Troisième Partie : la médecine

I. Des yeux qui comprennent sans voir

Imaginez une seconde pouvoir, ne serait-ce que pour un instant, recouvrer la vue après en avoir été privé et être à même de saisir le monde dans tout ce qu'il a de plus attrayant, de plus grand et de plus beau. Ce serait non seulement une prouesse technologique et technique mais également une avancée humaine de premier ordre car elle ferait renaître la possibilité d'horizons différents pour les personnes privées d'un de leurs sens les plus primaires, sinon le plus important : la vue. Il est intéressant de noter également que dans nos sociétés d'aspirations judéo-chrétiennes la vue et la privation dont on pourrait en être victime a depuis toujours suscité le besoin chez les hommes de palier ce mal. Même dans les Saintes Écritures, nous pouvons voir que la privation de vue est l'élément déclencheur de l'un des premiers miracles que l'on attribue la personne du Christ. Loin de vouloir ici nous étendre sur des considérations purement religieuses et spirituelles, notre remarque n'avait ici vocation qu'à tenter d'expliquer l'avant-garde dont jouit la malvoyance en matière de

111 réponses apportées à cette situation, en comparaison avec d'autres handicaps pour lesquels les moyens de combattre l'isolement auquel ils conduisent tardent encore à se faire connaître.

Intéressons-nous maintenant plus spécifiquement aux modalités d'application du braille au domaine particulier de traduction.
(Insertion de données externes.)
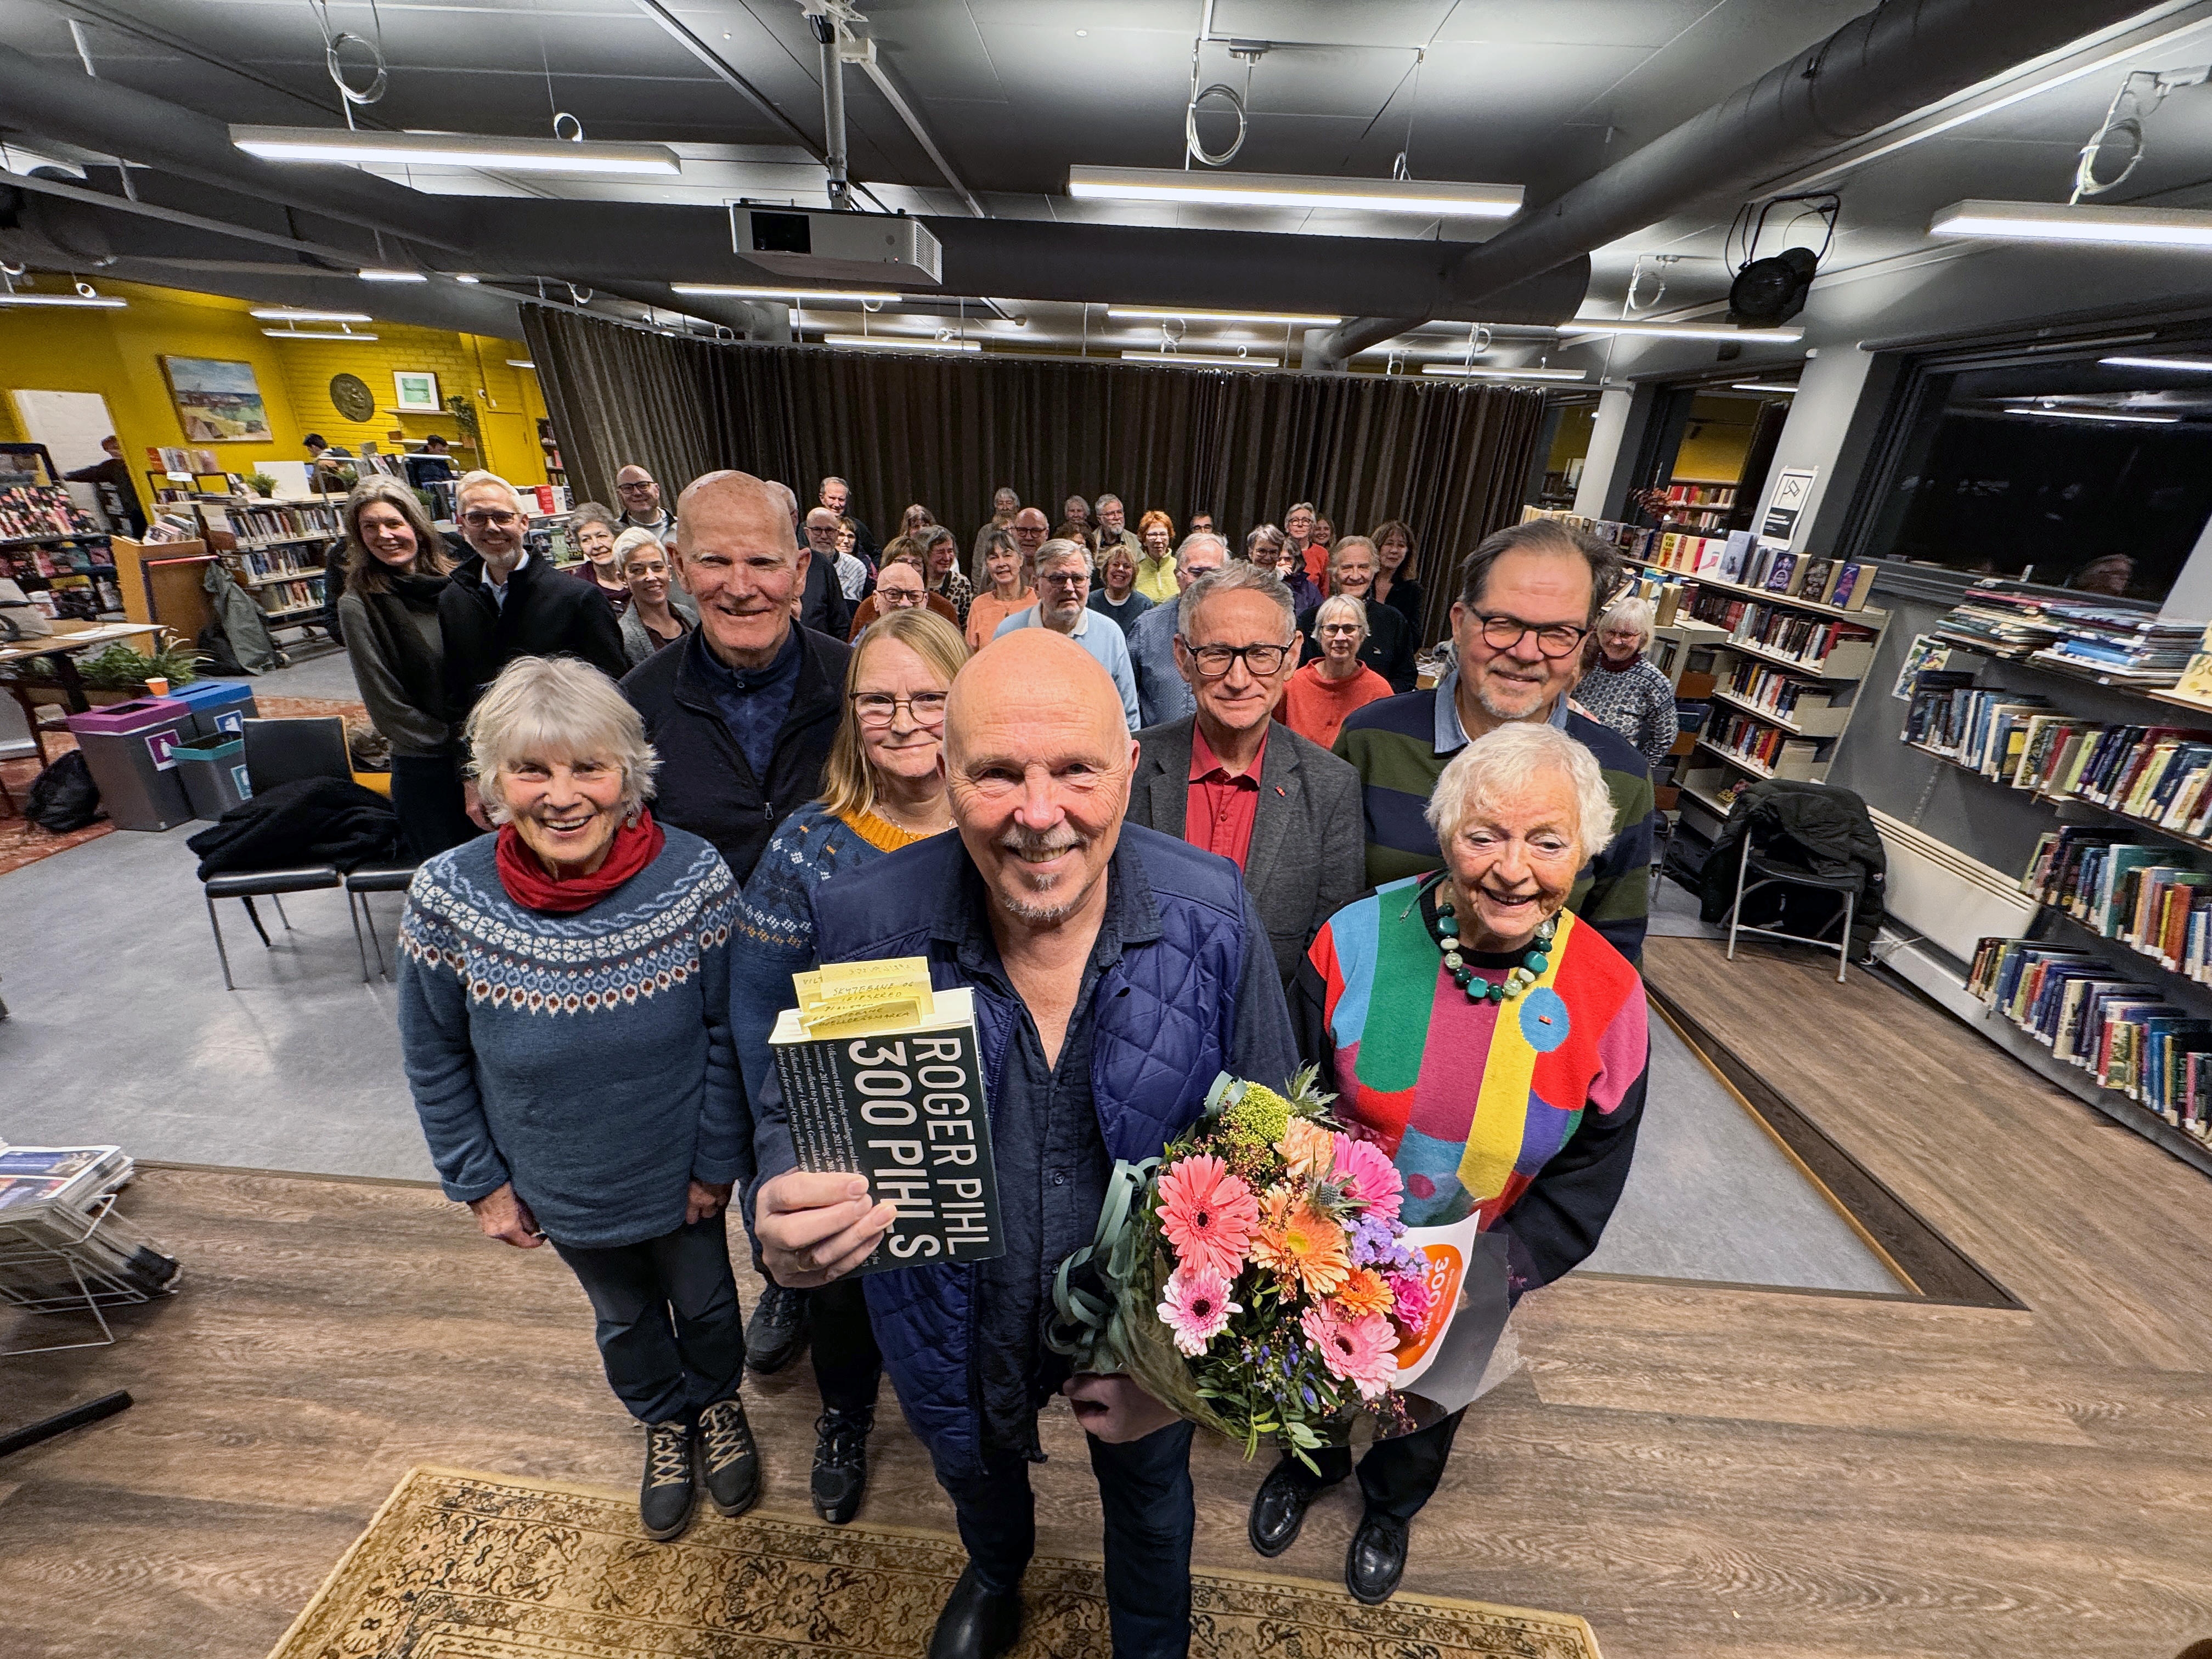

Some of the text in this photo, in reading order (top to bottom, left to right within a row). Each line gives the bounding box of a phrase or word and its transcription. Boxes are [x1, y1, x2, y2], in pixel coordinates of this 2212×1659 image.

[789, 1047, 802, 1073] Kielland
[801, 1046, 812, 1066] samlet
[814, 1045, 825, 1071] nummer
[827, 1043, 838, 1079] Velkommen
[775, 1047, 785, 1066] skrive
[790, 1111, 798, 1122] Om
[794, 1075, 805, 1093] senior
[806, 1067, 816, 1090] mellom
[819, 1073, 829, 1084] 201
[849, 1040, 917, 1125] 300
[822, 1085, 833, 1103] datert
[835, 1087, 845, 1098] den
[799, 1098, 809, 1116] Akers
[838, 1099, 849, 1116] tredje
[803, 1116, 813, 1129] Avis
[817, 1121, 826, 1129] En
[827, 1110, 839, 1132] oktober
[843, 1116, 853, 1146] samlingen
[806, 1131, 822, 1167] Groruddalen
[822, 1130, 832, 1156] vinterdag
[833, 1133, 843, 1147] 2021
[912, 1038, 990, 1255] ROGER PIHL
[848, 1146, 859, 1158] med
[851, 1159, 862, 1174] hund
[867, 1140, 941, 1258] PIHLS
Pour aboutir à une analyse complète et pertinente pour notre propos il conviendra d'adapter trois axes d'analyse divers à savoir : dans un premier temps, pour comprendre le braille, il faut comprendre la pluralité de ses modes d'écriture. Dans un deuxième temps nous tâcherons de voir en quoi le braille constitue une mise en abyme de traduction. Enfin, nous verrons pour conclure que le braille constitue une marque incontestable de l'accessibilité du monde de la traduction professionnelle aux personnes handicapées puisque il s'agit là d'une technique maîtrisée.

1. Deux formes pour un même mode

Il faut comprendre qu'en braille, il existe deux types d'écriture, le braille conventionnel et le braille abrégé. Il est clair que tous deux requièrent un apprentissage préalable approfondi, bien qu'ils ne suivent pas la même logique de retranscription. Ainsi nous pourrions penser que si le braille, dans sa forme la plus conventionnelle, est une restitution dans un mode d'écriture particulier et tactile des graphèmes spécifiques à la langue, alors il est logique de penser que chaque lettre existant dans une langue connaît son équivalent non pas dans une langue différente mais bien plus dans un « alphabet » différent : le braille.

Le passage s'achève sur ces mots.